Data under study |
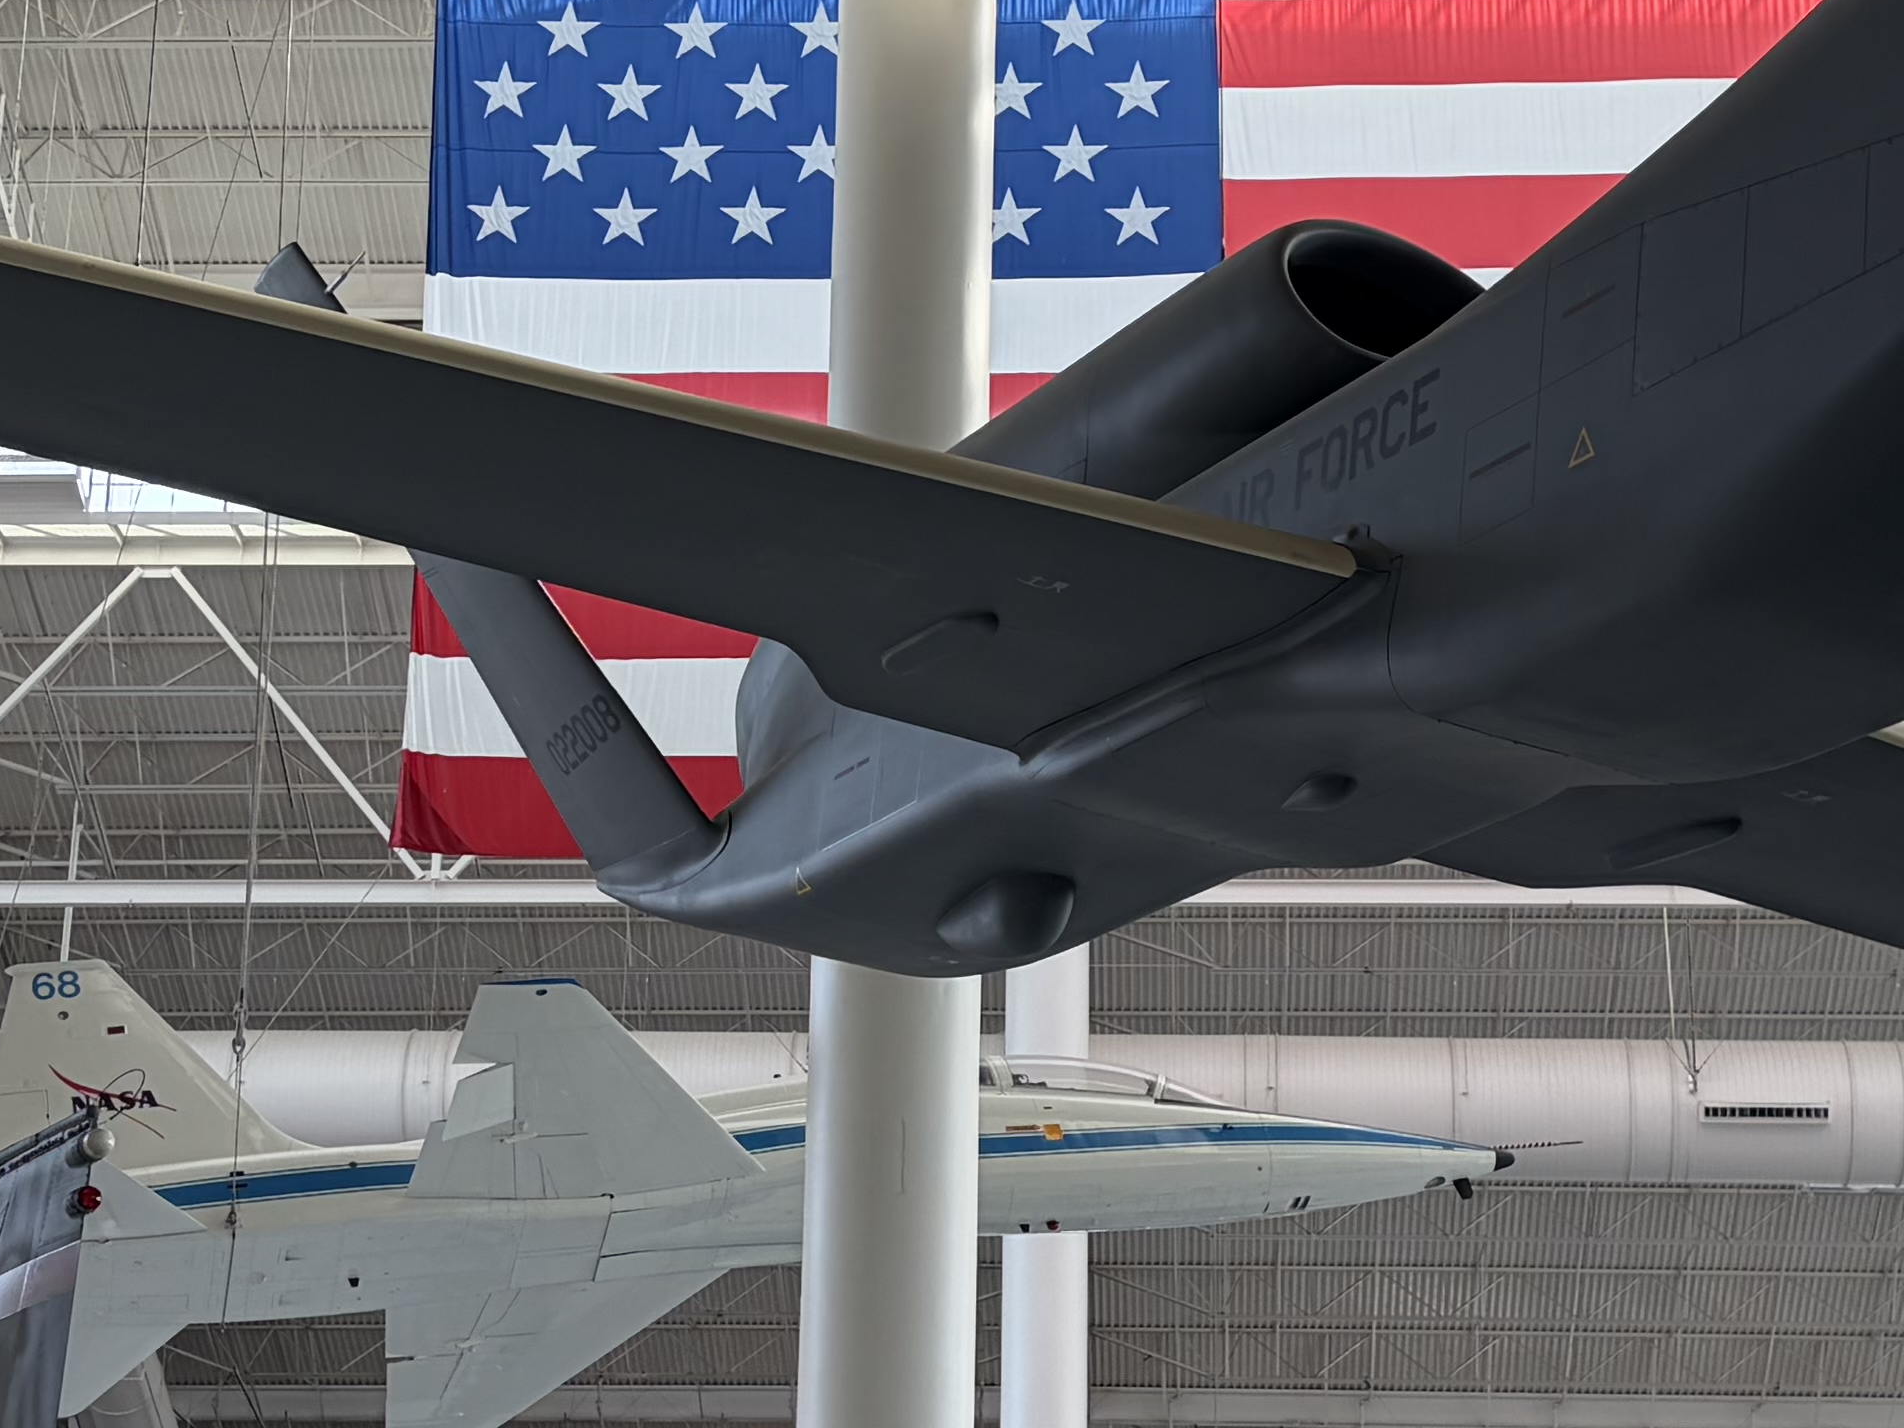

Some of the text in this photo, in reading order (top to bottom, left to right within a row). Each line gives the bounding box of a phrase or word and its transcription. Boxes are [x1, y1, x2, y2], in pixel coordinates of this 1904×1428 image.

[1295, 368, 1441, 512] FORCE
[546, 694, 621, 776] 022008
[31, 970, 81, 1001] 68
[71, 1089, 160, 1114] NASA
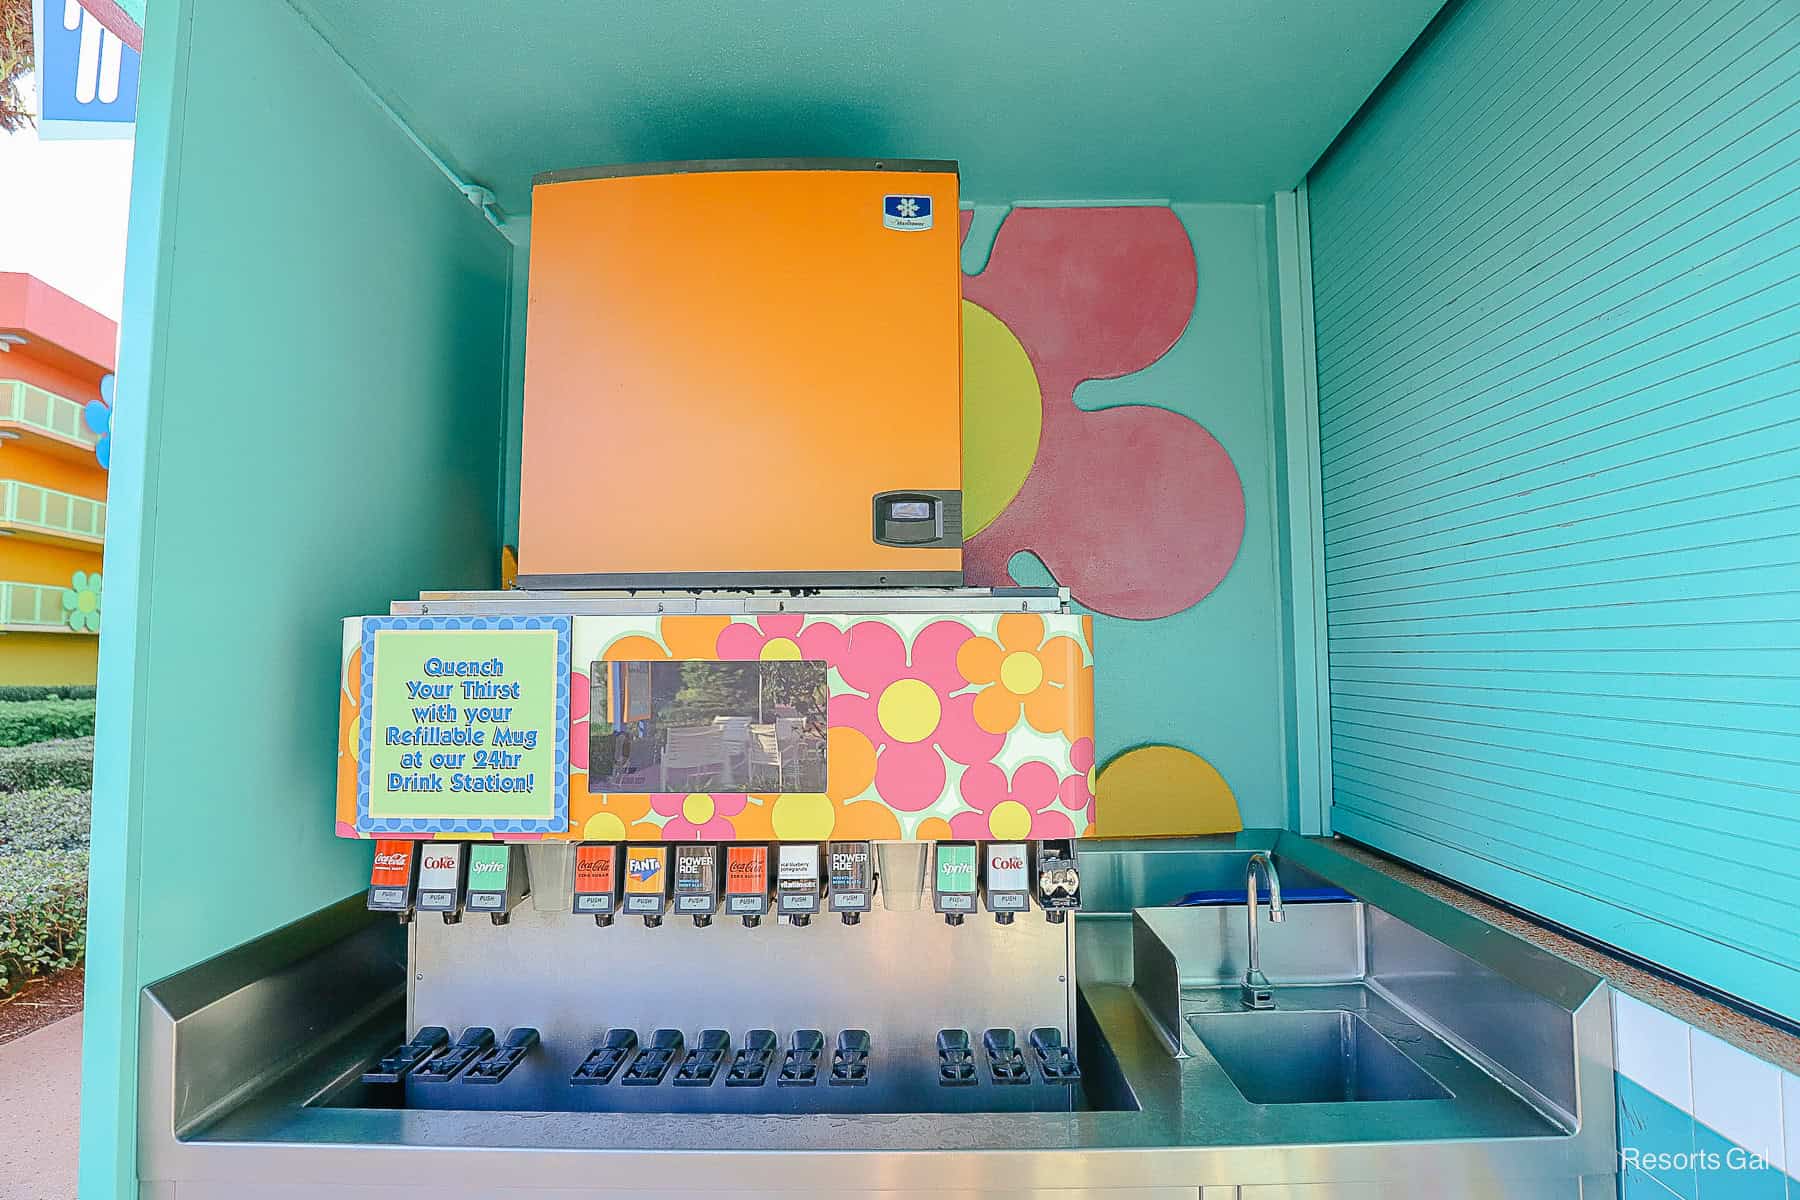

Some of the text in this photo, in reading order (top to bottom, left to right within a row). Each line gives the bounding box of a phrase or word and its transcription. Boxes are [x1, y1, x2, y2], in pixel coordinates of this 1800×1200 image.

[424, 657, 504, 677] Quench
[406, 681, 520, 700] Your Thirst
[412, 704, 512, 726] with your
[386, 726, 538, 749] Refillable Mug
[400, 750, 522, 769] at our 24hr
[388, 773, 535, 793] Drink Station!
[425, 856, 456, 869] Coke
[679, 857, 713, 866] POWER
[832, 853, 868, 862] POWER
[992, 857, 1023, 869] Coke
[472, 860, 504, 874] Sprite
[629, 858, 661, 872] FANTA
[679, 866, 699, 874] ADE
[832, 862, 853, 871] ADE
[942, 862, 973, 875] Sprite

Task goal | Exactly as written, print each entry, leaving all pictures out.

Answer for this exercise |
Some of the text in this photo, in reading order (top to bottom, left to right within a row). Each line gives the bounding box of a phrase or word and its transcription. Boxes are [x1, y1, x2, y2], in pixel coordinates of this 1904×1428 image.

[1295, 368, 1441, 512] FORCE
[546, 694, 621, 776] 022008
[31, 970, 81, 1001] 68
[71, 1089, 160, 1114] NASA

Some of the text in this photo, in reading order (top to bottom, left to right within a row). Each line gives the bounding box of a phrase or word and its transcription. Boxes are [x1, y1, x2, y2], in pixel coordinates of this 1800×1200 image.

[424, 657, 504, 677] Quench
[406, 681, 520, 700] Your Thirst
[412, 704, 512, 726] with your
[386, 726, 538, 749] Refillable Mug
[400, 750, 522, 769] at our 24hr
[388, 773, 535, 793] Drink Station!
[425, 856, 456, 869] Coke
[679, 857, 713, 866] POWER
[832, 853, 868, 862] POWER
[992, 857, 1023, 869] Coke
[472, 860, 504, 874] Sprite
[629, 858, 661, 872] FANTA
[679, 866, 699, 874] ADE
[832, 862, 853, 871] ADE
[942, 862, 973, 875] Sprite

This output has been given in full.